→ EXERCISE AIM
With the pictures removed, retype the lines from the one holding "this 1600×750 image." through the end of the records, exactly as written.

Segment Open

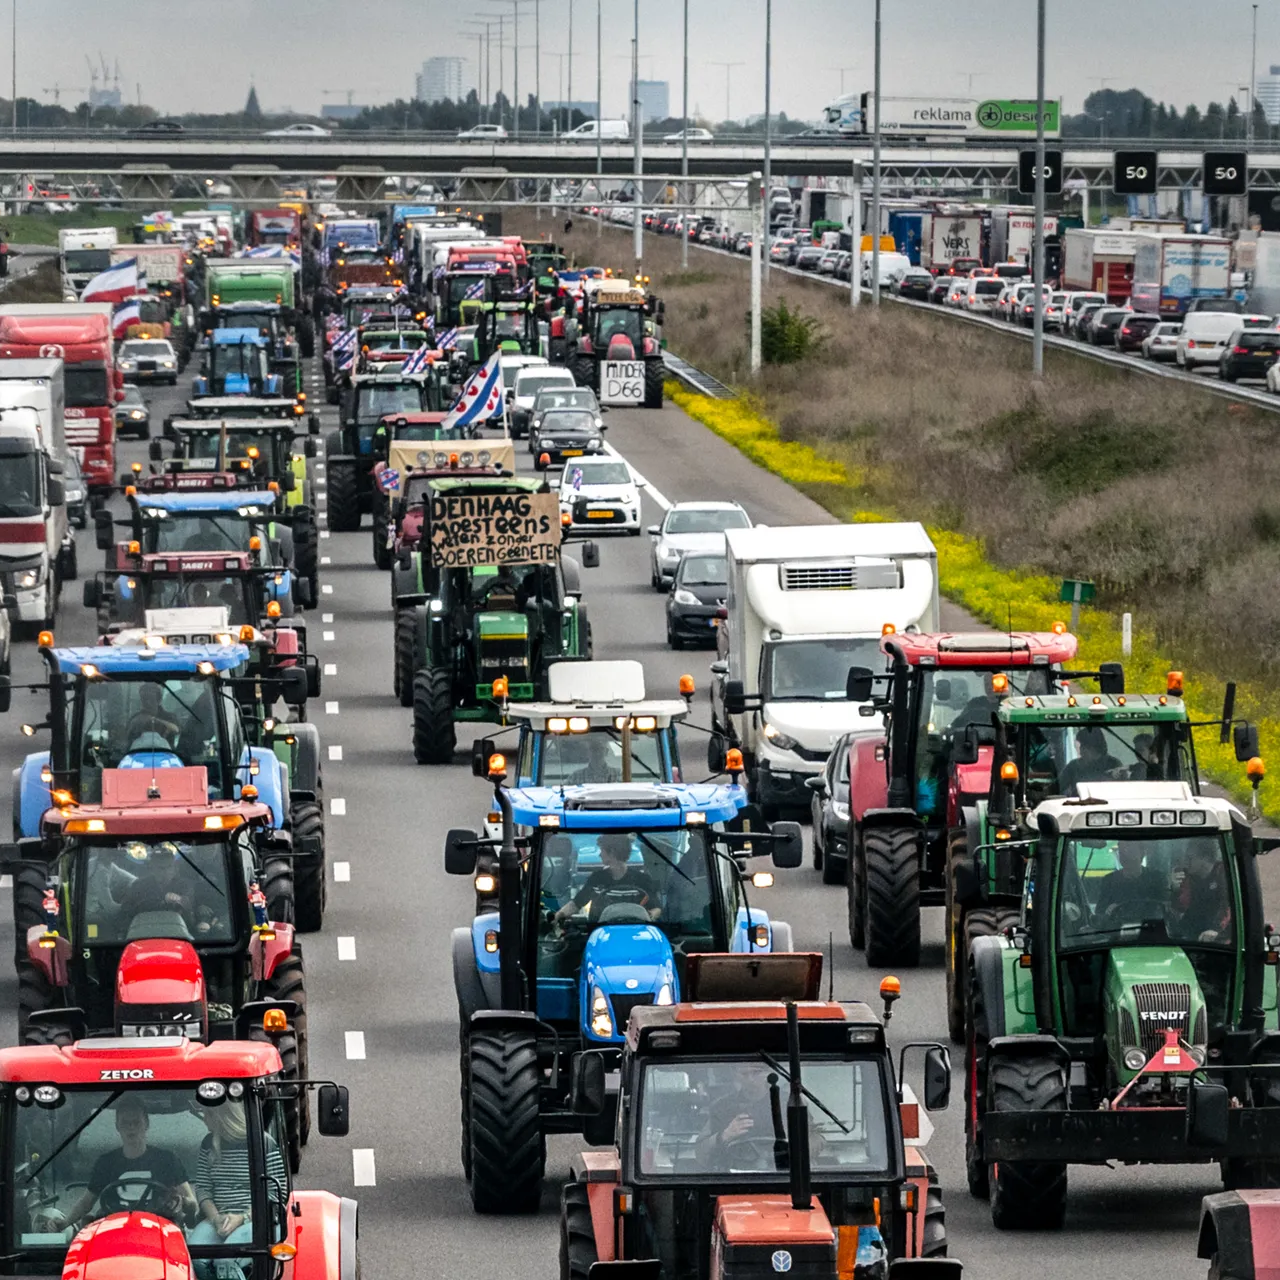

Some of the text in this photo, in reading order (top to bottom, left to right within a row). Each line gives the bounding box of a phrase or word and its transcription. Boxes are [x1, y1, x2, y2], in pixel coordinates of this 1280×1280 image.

[913, 107, 972, 122] reklama
[1125, 166, 1147, 179] 50
[1214, 167, 1237, 180] 50
[942, 237, 970, 250] VERS
[608, 380, 642, 398] D66
[1140, 1011, 1187, 1021] FENDT
[100, 1068, 155, 1080] ZETOR
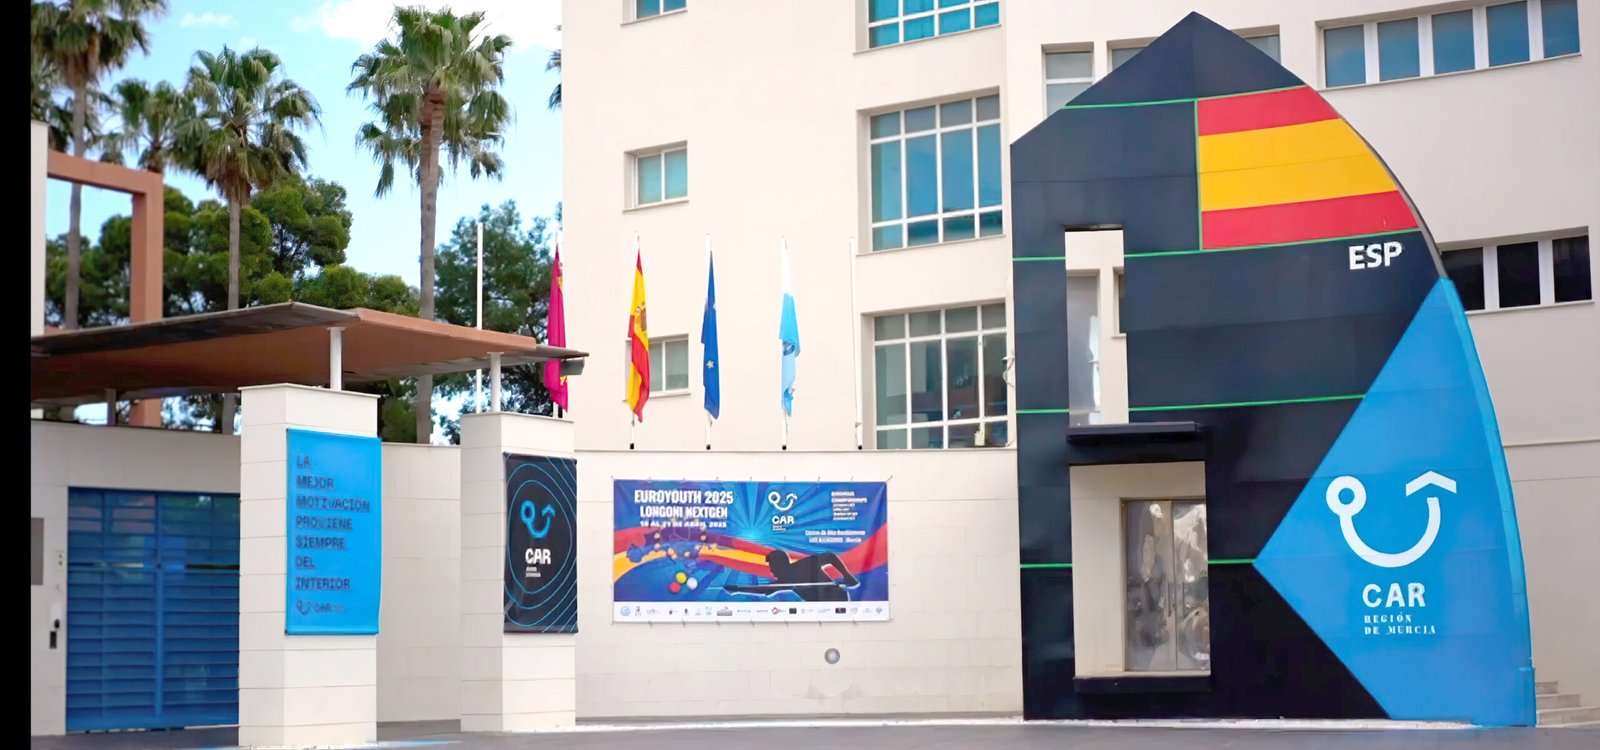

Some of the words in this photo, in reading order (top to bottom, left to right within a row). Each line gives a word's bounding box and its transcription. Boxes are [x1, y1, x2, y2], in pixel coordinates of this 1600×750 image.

[1348, 241, 1403, 270] ESP
[296, 455, 311, 468] LA
[296, 475, 334, 489] MEJOR
[295, 495, 370, 512] MOTIVACIÓN
[634, 489, 702, 504] EUROYOUTH
[704, 490, 734, 504] 2025
[639, 505, 683, 518] LONGONI
[685, 506, 728, 519] NEXTGEN
[295, 515, 352, 530] PROVIENE
[772, 515, 794, 524] CAR
[295, 535, 345, 549] SIEMPRE
[295, 556, 315, 569] DEL
[525, 547, 552, 565] CAR
[295, 576, 351, 590] INTERIOR
[1362, 582, 1426, 608] CAR
[1364, 611, 1412, 624] REGIÓN
[1364, 625, 1380, 635] DE
[1386, 624, 1436, 635] MURCIA
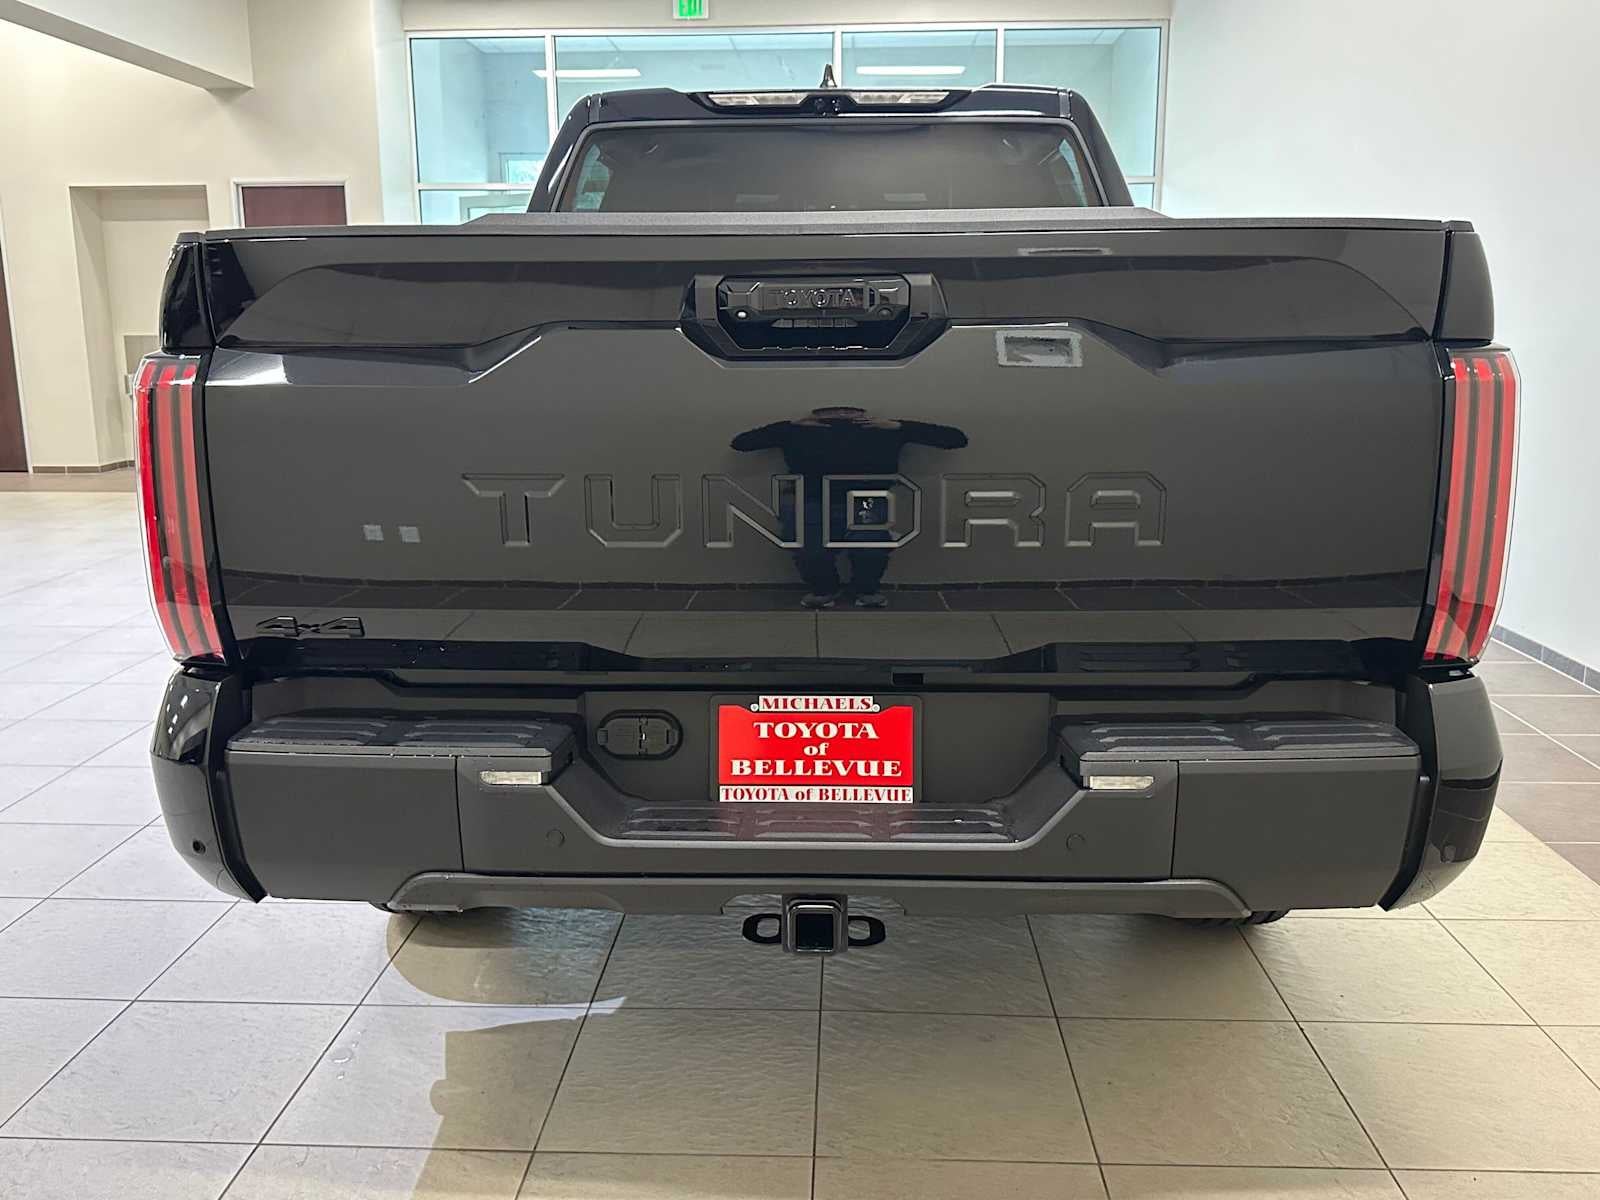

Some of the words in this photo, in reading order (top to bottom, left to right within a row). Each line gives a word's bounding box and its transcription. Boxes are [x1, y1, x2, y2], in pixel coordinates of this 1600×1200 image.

Segment Closed

→ SOLUTION TO THIS TASK
Some of the words in this photo, in reading order (top to bottom, left to right within a row). Each line gives a word's bounding box and its transcription. Boxes are [x1, y1, x2, y2], in pixel coordinates of this 1600×750 image.

[1348, 241, 1403, 270] ESP
[296, 455, 311, 468] LA
[296, 475, 334, 489] MEJOR
[295, 495, 370, 512] MOTIVACIÓN
[634, 489, 702, 504] EUROYOUTH
[704, 490, 734, 504] 2025
[639, 505, 683, 518] LONGONI
[685, 506, 728, 519] NEXTGEN
[295, 515, 352, 530] PROVIENE
[772, 515, 794, 524] CAR
[295, 535, 345, 549] SIEMPRE
[295, 556, 315, 569] DEL
[525, 547, 552, 565] CAR
[295, 576, 351, 590] INTERIOR
[1362, 582, 1426, 608] CAR
[1364, 611, 1412, 624] REGIÓN
[1364, 625, 1380, 635] DE
[1386, 624, 1436, 635] MURCIA

Some of the words in this photo, in reading order (top to bottom, left to right within a row). Each line gives a word's bounding box and its transcription. Boxes are [x1, y1, x2, y2], in pixel coordinates of this 1600×1200 image.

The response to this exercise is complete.